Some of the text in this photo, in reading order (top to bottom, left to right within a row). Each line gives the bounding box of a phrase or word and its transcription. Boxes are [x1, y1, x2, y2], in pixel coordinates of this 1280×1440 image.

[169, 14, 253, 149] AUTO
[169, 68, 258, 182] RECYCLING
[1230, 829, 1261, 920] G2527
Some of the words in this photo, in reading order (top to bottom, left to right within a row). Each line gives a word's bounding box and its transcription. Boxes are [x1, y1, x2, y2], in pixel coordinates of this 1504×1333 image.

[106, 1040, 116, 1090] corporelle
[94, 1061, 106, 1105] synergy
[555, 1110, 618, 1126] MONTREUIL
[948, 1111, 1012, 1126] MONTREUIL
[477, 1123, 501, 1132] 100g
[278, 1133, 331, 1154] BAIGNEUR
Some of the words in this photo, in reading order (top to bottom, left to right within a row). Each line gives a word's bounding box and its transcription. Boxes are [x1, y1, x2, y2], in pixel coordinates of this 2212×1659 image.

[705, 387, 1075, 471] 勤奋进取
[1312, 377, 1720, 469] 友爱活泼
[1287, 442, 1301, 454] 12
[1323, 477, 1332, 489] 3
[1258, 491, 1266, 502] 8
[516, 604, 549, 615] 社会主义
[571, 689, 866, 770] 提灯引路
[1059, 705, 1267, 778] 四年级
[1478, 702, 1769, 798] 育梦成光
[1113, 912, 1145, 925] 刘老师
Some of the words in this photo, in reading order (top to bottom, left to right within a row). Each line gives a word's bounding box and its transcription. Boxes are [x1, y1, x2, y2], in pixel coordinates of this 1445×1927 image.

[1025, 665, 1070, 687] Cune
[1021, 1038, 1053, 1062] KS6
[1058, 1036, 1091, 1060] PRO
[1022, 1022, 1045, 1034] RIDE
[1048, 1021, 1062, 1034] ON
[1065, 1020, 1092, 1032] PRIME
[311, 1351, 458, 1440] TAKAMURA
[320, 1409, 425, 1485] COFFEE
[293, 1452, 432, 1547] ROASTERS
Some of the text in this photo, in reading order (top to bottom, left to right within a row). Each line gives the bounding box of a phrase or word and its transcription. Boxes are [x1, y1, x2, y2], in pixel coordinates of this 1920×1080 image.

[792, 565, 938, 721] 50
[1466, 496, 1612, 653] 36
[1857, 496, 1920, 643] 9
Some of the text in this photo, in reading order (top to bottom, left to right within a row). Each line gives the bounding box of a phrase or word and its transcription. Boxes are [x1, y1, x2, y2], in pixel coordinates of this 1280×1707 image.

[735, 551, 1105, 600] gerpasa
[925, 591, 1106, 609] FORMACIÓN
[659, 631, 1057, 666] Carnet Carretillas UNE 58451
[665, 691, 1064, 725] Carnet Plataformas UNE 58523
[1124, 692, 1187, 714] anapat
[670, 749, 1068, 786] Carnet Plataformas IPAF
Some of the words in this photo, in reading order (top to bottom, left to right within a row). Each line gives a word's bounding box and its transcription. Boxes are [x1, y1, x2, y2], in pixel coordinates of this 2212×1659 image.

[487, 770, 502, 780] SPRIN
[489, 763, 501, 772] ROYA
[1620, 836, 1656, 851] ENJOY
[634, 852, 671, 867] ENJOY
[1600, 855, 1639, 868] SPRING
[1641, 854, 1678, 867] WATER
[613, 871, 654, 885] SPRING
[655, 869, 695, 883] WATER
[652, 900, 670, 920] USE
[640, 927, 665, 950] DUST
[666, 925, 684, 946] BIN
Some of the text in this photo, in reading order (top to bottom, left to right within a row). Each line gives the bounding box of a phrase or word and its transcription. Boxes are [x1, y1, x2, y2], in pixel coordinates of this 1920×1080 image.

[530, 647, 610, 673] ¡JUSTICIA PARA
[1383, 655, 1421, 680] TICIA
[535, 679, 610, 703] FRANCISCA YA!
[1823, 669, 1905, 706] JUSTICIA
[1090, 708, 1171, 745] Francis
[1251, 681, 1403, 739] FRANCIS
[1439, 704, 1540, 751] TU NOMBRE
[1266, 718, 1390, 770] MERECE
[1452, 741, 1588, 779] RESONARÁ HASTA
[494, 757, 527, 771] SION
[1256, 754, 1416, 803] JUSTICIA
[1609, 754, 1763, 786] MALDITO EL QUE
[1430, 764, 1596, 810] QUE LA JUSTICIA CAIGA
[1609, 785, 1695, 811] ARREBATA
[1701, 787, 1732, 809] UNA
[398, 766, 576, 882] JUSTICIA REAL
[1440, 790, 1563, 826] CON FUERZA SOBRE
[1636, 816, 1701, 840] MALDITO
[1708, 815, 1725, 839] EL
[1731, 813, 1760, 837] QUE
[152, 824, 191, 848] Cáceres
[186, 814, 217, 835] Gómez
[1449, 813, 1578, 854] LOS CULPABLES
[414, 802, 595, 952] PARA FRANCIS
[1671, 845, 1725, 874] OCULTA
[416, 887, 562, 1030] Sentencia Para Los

================================

Exercise aim: The material is to be given again in full and without variation.

Response to the exercise:
Some of the text in this photo, in reading order (top to bottom, left to right within a row). Each line gives the bounding box of a phrase or word and its transcription. Boxes are [x1, y1, x2, y2], in pixel coordinates of this 1280×1440 image.

[169, 14, 253, 149] AUTO
[169, 68, 258, 182] RECYCLING
[1230, 829, 1261, 920] G2527
Some of the words in this photo, in reading order (top to bottom, left to right within a row). Each line gives a word's bounding box and its transcription. Boxes are [x1, y1, x2, y2], in pixel coordinates of this 1504×1333 image.

[106, 1040, 116, 1090] corporelle
[94, 1061, 106, 1105] synergy
[555, 1110, 618, 1126] MONTREUIL
[948, 1111, 1012, 1126] MONTREUIL
[477, 1123, 501, 1132] 100g
[278, 1133, 331, 1154] BAIGNEUR
Some of the words in this photo, in reading order (top to bottom, left to right within a row). Each line gives a word's bounding box and its transcription. Boxes are [x1, y1, x2, y2], in pixel coordinates of this 2212×1659 image.

[705, 387, 1075, 471] 勤奋进取
[1312, 377, 1720, 469] 友爱活泼
[1287, 442, 1301, 454] 12
[1323, 477, 1332, 489] 3
[1258, 491, 1266, 502] 8
[516, 604, 549, 615] 社会主义
[571, 689, 866, 770] 提灯引路
[1059, 705, 1267, 778] 四年级
[1478, 702, 1769, 798] 育梦成光
[1113, 912, 1145, 925] 刘老师
Some of the words in this photo, in reading order (top to bottom, left to right within a row). Each line gives a word's bounding box and its transcription. Boxes are [x1, y1, x2, y2], in pixel coordinates of this 1445×1927 image.

[1025, 665, 1070, 687] Cune
[1021, 1038, 1053, 1062] KS6
[1058, 1036, 1091, 1060] PRO
[1022, 1022, 1045, 1034] RIDE
[1048, 1021, 1062, 1034] ON
[1065, 1020, 1092, 1032] PRIME
[311, 1351, 458, 1440] TAKAMURA
[320, 1409, 425, 1485] COFFEE
[293, 1452, 432, 1547] ROASTERS
Some of the text in this photo, in reading order (top to bottom, left to right within a row). Each line gives the bounding box of a phrase or word and its transcription. Boxes are [x1, y1, x2, y2], in pixel coordinates of this 1920×1080 image.

[792, 565, 938, 721] 50
[1466, 496, 1612, 653] 36
[1857, 496, 1920, 643] 9
Some of the text in this photo, in reading order (top to bottom, left to right within a row). Each line gives the bounding box of a phrase or word and its transcription. Boxes are [x1, y1, x2, y2], in pixel coordinates of this 1280×1707 image.

[735, 551, 1105, 600] gerpasa
[925, 591, 1106, 609] FORMACIÓN
[659, 631, 1057, 666] Carnet Carretillas UNE 58451
[665, 691, 1064, 725] Carnet Plataformas UNE 58523
[1124, 692, 1187, 714] anapat
[670, 749, 1068, 786] Carnet Plataformas IPAF
Some of the words in this photo, in reading order (top to bottom, left to right within a row). Each line gives a word's bounding box and its transcription. Boxes are [x1, y1, x2, y2], in pixel coordinates of this 2212×1659 image.

[487, 770, 502, 780] SPRIN
[489, 763, 501, 772] ROYA
[1620, 836, 1656, 851] ENJOY
[634, 852, 671, 867] ENJOY
[1600, 855, 1639, 868] SPRING
[1641, 854, 1678, 867] WATER
[613, 871, 654, 885] SPRING
[655, 869, 695, 883] WATER
[652, 900, 670, 920] USE
[640, 927, 665, 950] DUST
[666, 925, 684, 946] BIN
Some of the text in this photo, in reading order (top to bottom, left to right within a row). Each line gives the bounding box of a phrase or word and its transcription. Boxes are [x1, y1, x2, y2], in pixel coordinates of this 1920×1080 image.

[530, 647, 610, 673] ¡JUSTICIA PARA
[1383, 655, 1421, 680] TICIA
[535, 679, 610, 703] FRANCISCA YA!
[1823, 669, 1905, 706] JUSTICIA
[1090, 708, 1171, 745] Francis
[1251, 681, 1403, 739] FRANCIS
[1439, 704, 1540, 751] TU NOMBRE
[1266, 718, 1390, 770] MERECE
[1452, 741, 1588, 779] RESONARÁ HASTA
[494, 757, 527, 771] SION
[1256, 754, 1416, 803] JUSTICIA
[1609, 754, 1763, 786] MALDITO EL QUE
[1430, 764, 1596, 810] QUE LA JUSTICIA CAIGA
[1609, 785, 1695, 811] ARREBATA
[1701, 787, 1732, 809] UNA
[398, 766, 576, 882] JUSTICIA REAL
[1440, 790, 1563, 826] CON FUERZA SOBRE
[1636, 816, 1701, 840] MALDITO
[1708, 815, 1725, 839] EL
[1731, 813, 1760, 837] QUE
[152, 824, 191, 848] Cáceres
[186, 814, 217, 835] Gómez
[1449, 813, 1578, 854] LOS CULPABLES
[414, 802, 595, 952] PARA FRANCIS
[1671, 845, 1725, 874] OCULTA
[416, 887, 562, 1030] Sentencia Para Los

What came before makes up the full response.